The data below should be transcribed in full, with no picture included.

Dataset entries:
- Opening Delimiter -

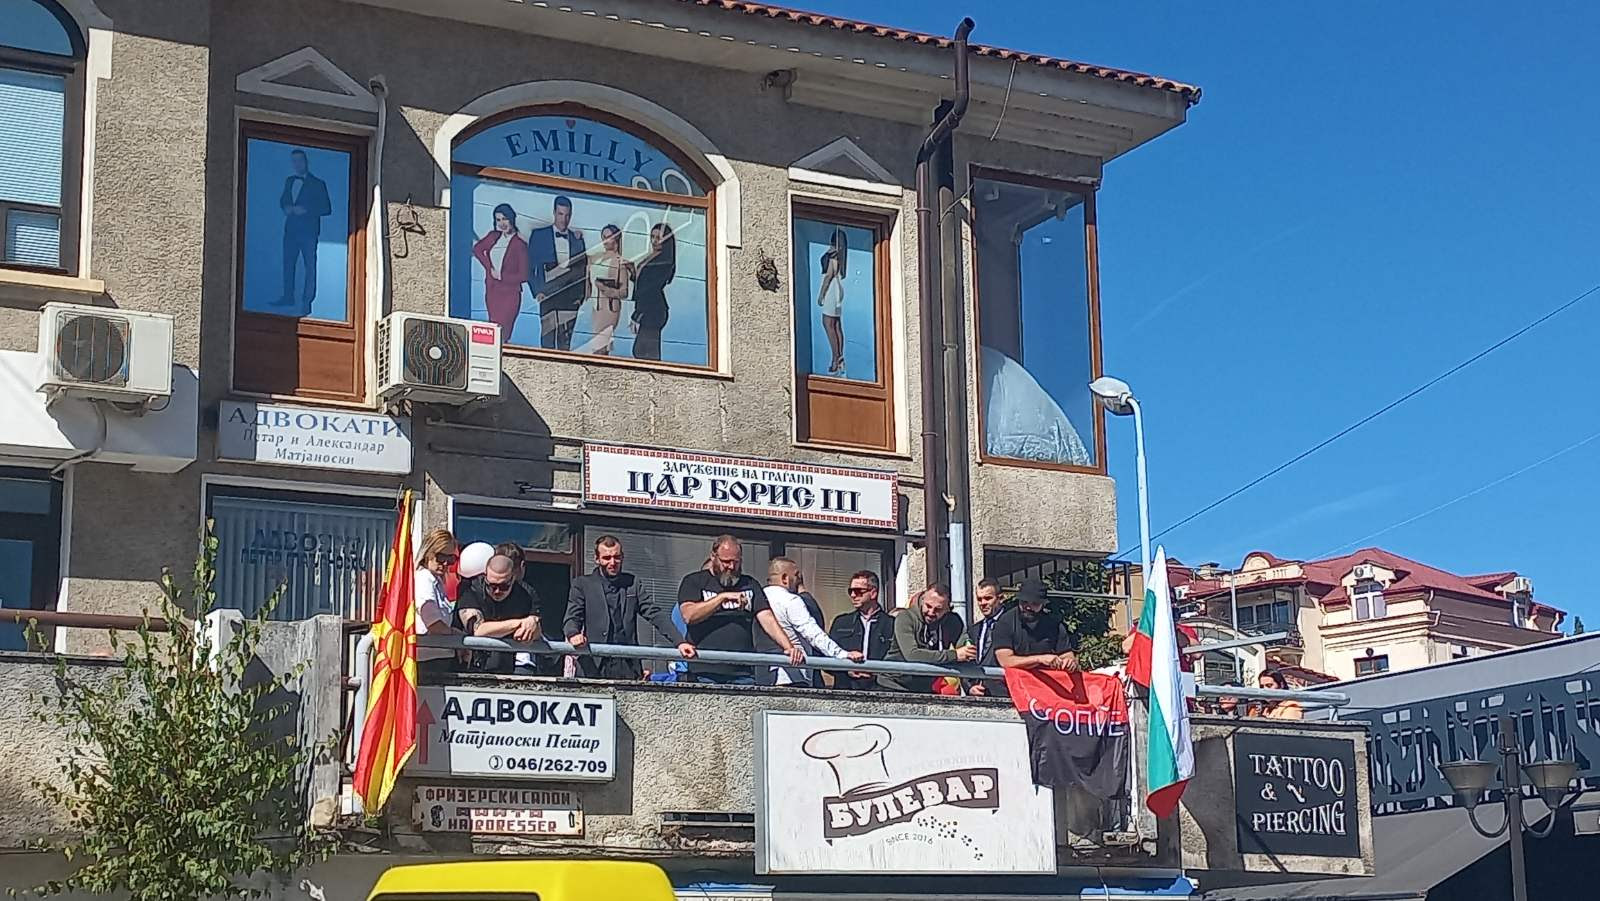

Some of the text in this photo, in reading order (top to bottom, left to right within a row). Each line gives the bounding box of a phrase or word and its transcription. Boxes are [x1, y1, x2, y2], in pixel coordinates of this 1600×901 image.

[540, 158, 618, 183] BUTIK
[228, 407, 403, 438] АДВОКАТИ
[274, 447, 355, 464] Матјаноски
[305, 434, 385, 455] Александар
[741, 469, 758, 479] НА
[627, 470, 702, 504] ЦАР
[708, 478, 816, 509] БОРИС
[441, 696, 603, 727] АДВОКАТ
[506, 757, 608, 773] 046/262-709
[1248, 754, 1345, 797] TATTOO
[425, 788, 570, 806] ФРИЗЕРСКИ САЛОН
[826, 774, 995, 829] БУЛЕВАР
[1261, 782, 1278, 801] &
[448, 818, 557, 833] HAIRDRESSER
[1251, 800, 1347, 835] PIERCING

- Closing Delimiter -

**EXPECTED OUTPUT:**
Some of the text in this photo, in reading order (top to bottom, left to right within a row). Each line gives the bounding box of a phrase or word and its transcription. Boxes are [x1, y1, x2, y2], in pixel coordinates of this 1600×901 image.

[540, 158, 618, 183] BUTIK
[228, 407, 403, 438] АДВОКАТИ
[274, 447, 355, 464] Матјаноски
[305, 434, 385, 455] Александар
[741, 469, 758, 479] НА
[627, 470, 702, 504] ЦАР
[708, 478, 816, 509] БОРИС
[441, 696, 603, 727] АДВОКАТ
[506, 757, 608, 773] 046/262-709
[1248, 754, 1345, 797] TATTOO
[425, 788, 570, 806] ФРИЗЕРСКИ САЛОН
[826, 774, 995, 829] БУЛЕВАР
[1261, 782, 1278, 801] &
[448, 818, 557, 833] HAIRDRESSER
[1251, 800, 1347, 835] PIERCING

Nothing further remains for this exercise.